__INFORMATION SUPPLIED__
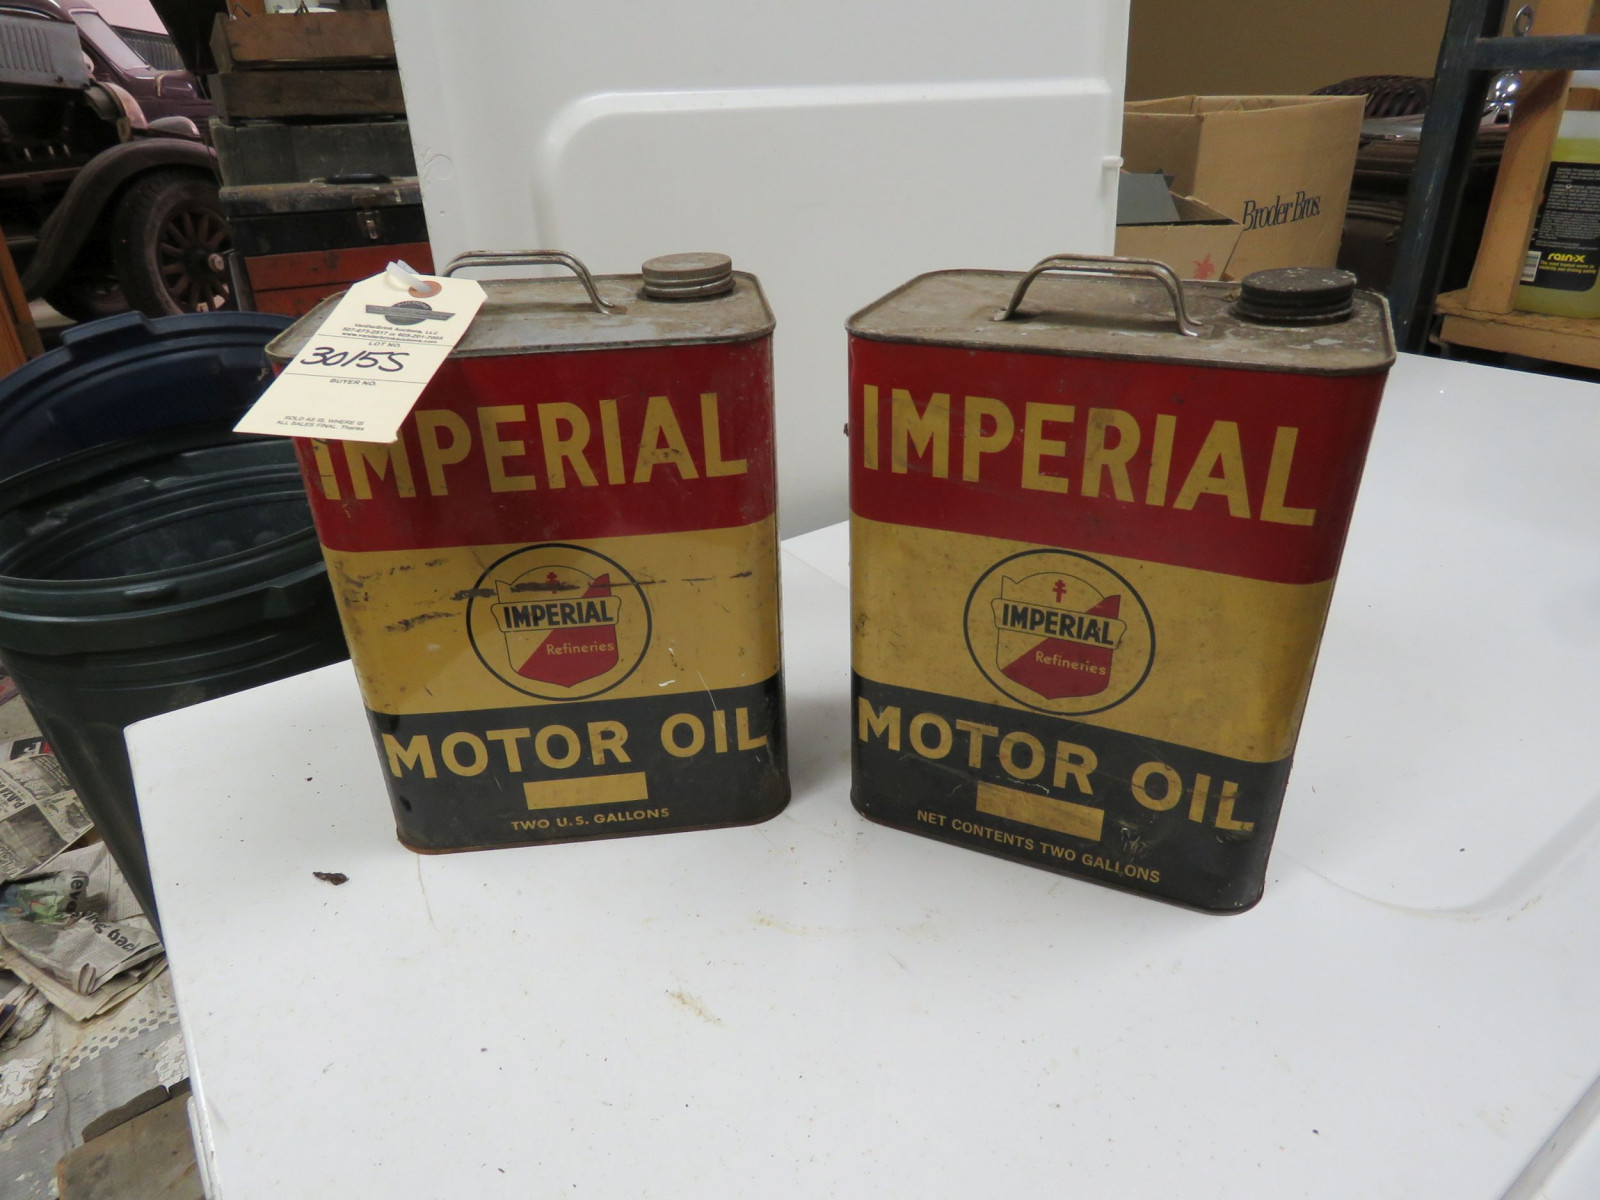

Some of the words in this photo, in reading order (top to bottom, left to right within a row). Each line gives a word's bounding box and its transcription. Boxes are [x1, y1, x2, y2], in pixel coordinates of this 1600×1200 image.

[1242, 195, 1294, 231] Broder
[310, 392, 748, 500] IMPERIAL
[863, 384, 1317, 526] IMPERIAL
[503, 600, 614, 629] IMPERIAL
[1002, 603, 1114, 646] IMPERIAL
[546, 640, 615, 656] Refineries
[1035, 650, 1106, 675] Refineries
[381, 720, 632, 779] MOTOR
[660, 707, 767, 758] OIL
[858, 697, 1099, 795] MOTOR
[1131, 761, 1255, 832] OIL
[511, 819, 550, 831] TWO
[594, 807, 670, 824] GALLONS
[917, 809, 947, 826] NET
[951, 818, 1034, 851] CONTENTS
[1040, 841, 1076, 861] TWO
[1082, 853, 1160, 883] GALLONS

__YOUR TASK__
Give every line of the records above again, exactly, and omit the pictures.

__SOLVED PROBLEM__
Some of the words in this photo, in reading order (top to bottom, left to right within a row). Each line gives a word's bounding box and its transcription. Boxes are [x1, y1, x2, y2], in pixel coordinates of this 1600×1200 image.

[1242, 195, 1294, 231] Broder
[310, 392, 748, 500] IMPERIAL
[863, 384, 1317, 526] IMPERIAL
[503, 600, 614, 629] IMPERIAL
[1002, 603, 1114, 646] IMPERIAL
[546, 640, 615, 656] Refineries
[1035, 650, 1106, 675] Refineries
[381, 720, 632, 779] MOTOR
[660, 707, 767, 758] OIL
[858, 697, 1099, 795] MOTOR
[1131, 761, 1255, 832] OIL
[511, 819, 550, 831] TWO
[594, 807, 670, 824] GALLONS
[917, 809, 947, 826] NET
[951, 818, 1034, 851] CONTENTS
[1040, 841, 1076, 861] TWO
[1082, 853, 1160, 883] GALLONS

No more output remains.